I was working around with the fractional Fourier transform (FRFT) when the mathematics undergrad found out, by brute-force computations, that the derivative of the FRFT with respect to the parameter can be written as a closed form formula- explicitly, $d/da(F^a(f)(y))$$ = i(1/8d^2/dy^2-π^2y^2/2$$+π/4)F^a(f)(y)$.

Then I remembered that the first definition of the FRFT, using "only" a certain set (Hermite–Gaussian functions) of orthonormal eigenfunctions of the FT, is not actually "unique", especially when attempting to discretise the transform.
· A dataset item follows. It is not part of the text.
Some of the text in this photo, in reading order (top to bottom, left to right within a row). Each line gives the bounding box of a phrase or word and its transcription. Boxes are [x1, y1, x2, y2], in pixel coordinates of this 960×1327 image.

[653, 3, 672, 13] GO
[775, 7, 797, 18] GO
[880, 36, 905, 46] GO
So I'm asking the following question instead- do unitarity, index (assumed to be real) continuity, index additivity, reduction to the identity (resp. Fourier transform) operator when the index is 0 (resp. 1), and the formula above uniquely define the FRFT, as operators on Schwartz functions?
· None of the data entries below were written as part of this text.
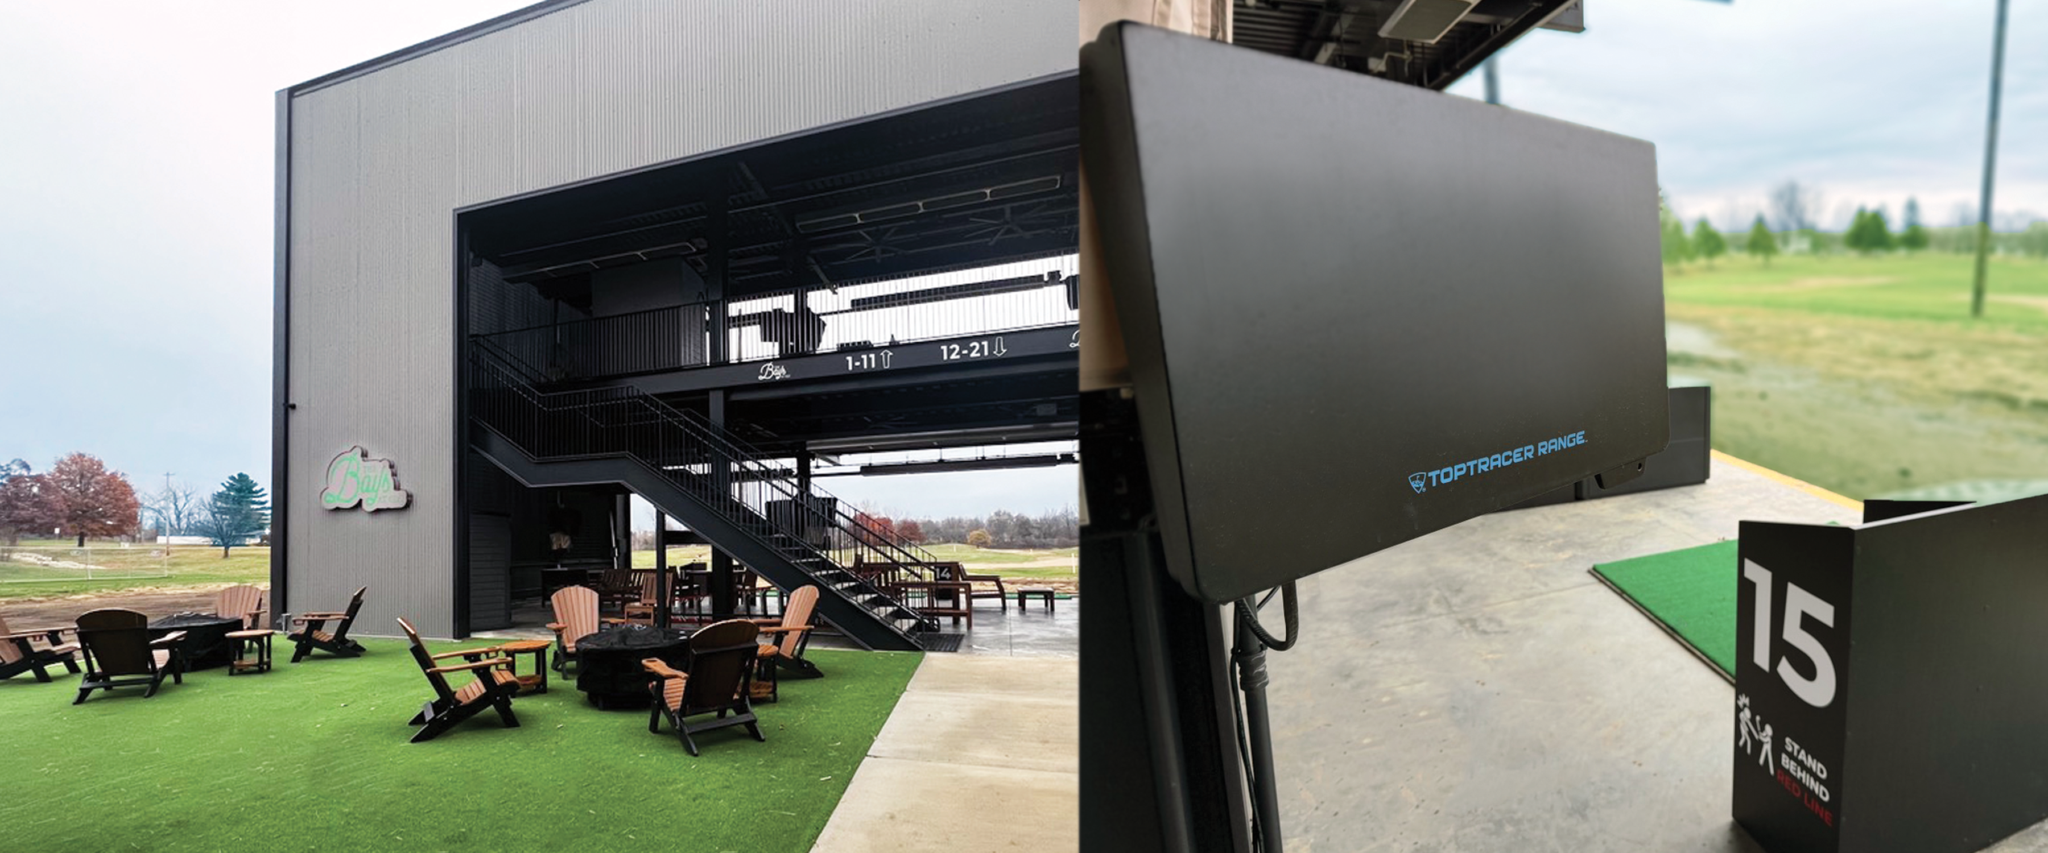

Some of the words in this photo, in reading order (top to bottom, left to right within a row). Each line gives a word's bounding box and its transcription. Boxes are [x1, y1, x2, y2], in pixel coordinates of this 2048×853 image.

[845, 353, 876, 371] 1-11
[940, 341, 989, 361] 12-21
[1428, 445, 1534, 487] TOPTRACER
[935, 567, 951, 580] 14
[1743, 557, 1837, 708] 15
[1780, 752, 1830, 803] BEHIND
[1784, 736, 1828, 780] STAND
[1776, 769, 1801, 798] RED
[1803, 792, 1834, 827] LINE
NB: the version of the FRFT I'm using is the one used by the current revision of the Wikipedia page for the FRFT.

Answer 1

Answering my own question; turns out that the index additivity and "reduction to FT" conditions are not necessary at all. Ignoring said conditions-

Suppose $T_a$ exists and satisfies all of the other properties. Then, the kernel of $T_a$ can be represented as a tempered distribution $K_a(x,y)$, by the Schwartz kernel theorem. Let $H$ denote the Hermite-Gaussian function, normalised to "ordinary frequency". Then, $K_a(x,y) = Σ_n,_m H_n(x)H_m(y)Q_n,_m(a)$ for some function $Q_n,_m$ of $a$. Note that $Q$ is strictly non-zero; should it be zero for some ${n_0, m_0, a_0}$, no $T_{a_0}[f](y)$ can be equal to $H_{m_0}(y)$(as no Hermite function can be a linear series, finite or infinite, of Hermite functions of other orders), which makes the whole transform non-unitary.
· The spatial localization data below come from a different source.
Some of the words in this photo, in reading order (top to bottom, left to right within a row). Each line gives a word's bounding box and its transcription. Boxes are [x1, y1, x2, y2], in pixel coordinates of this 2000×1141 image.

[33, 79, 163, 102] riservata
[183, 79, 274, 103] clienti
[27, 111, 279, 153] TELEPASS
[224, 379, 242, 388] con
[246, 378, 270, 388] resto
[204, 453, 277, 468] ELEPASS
Let $Q_n,_m(a)=e^{iM_n,_m(a)}$, $M$ not necessarily being real. Applying the condition that $d/daK_a[f](y) $$= i(1/8d^2/dy^2-π^2y^2/2+π/4)K_a[f](y)$ to the Hermite expansion of both sides and appreciating that $(1/8d^2/dy^2-π^2y^2/2+π/4)$$H_m(y)$ $=-πm/2$$H_m(y)$, $d/daM_n,_m(a)$$=-πm/2$ and $M_n,_m(a)=-πma/2+S_n,_m$, $S$ being constant of $a$.

Now throw in the "reduction to the identity" condition- $δ(x-y)=Σ_m H_m(x)H_m(y)=Σ_n,_m H_n(x)H_m(y)e^{iS_n,_m}$. Since Hermite expansion coefficients are unique, and $S_n,_m$ is constant of $a$, $e^{iS_n,_m}$ must be $δ_{nm}$ for all $n$, $m$.

Therefore, $K_a(x, y) = Σ_m H_m(x)H_m(y)(-i)^{am}$ for all $a$, which is exactly the definition of the FRFT. Q.E.D.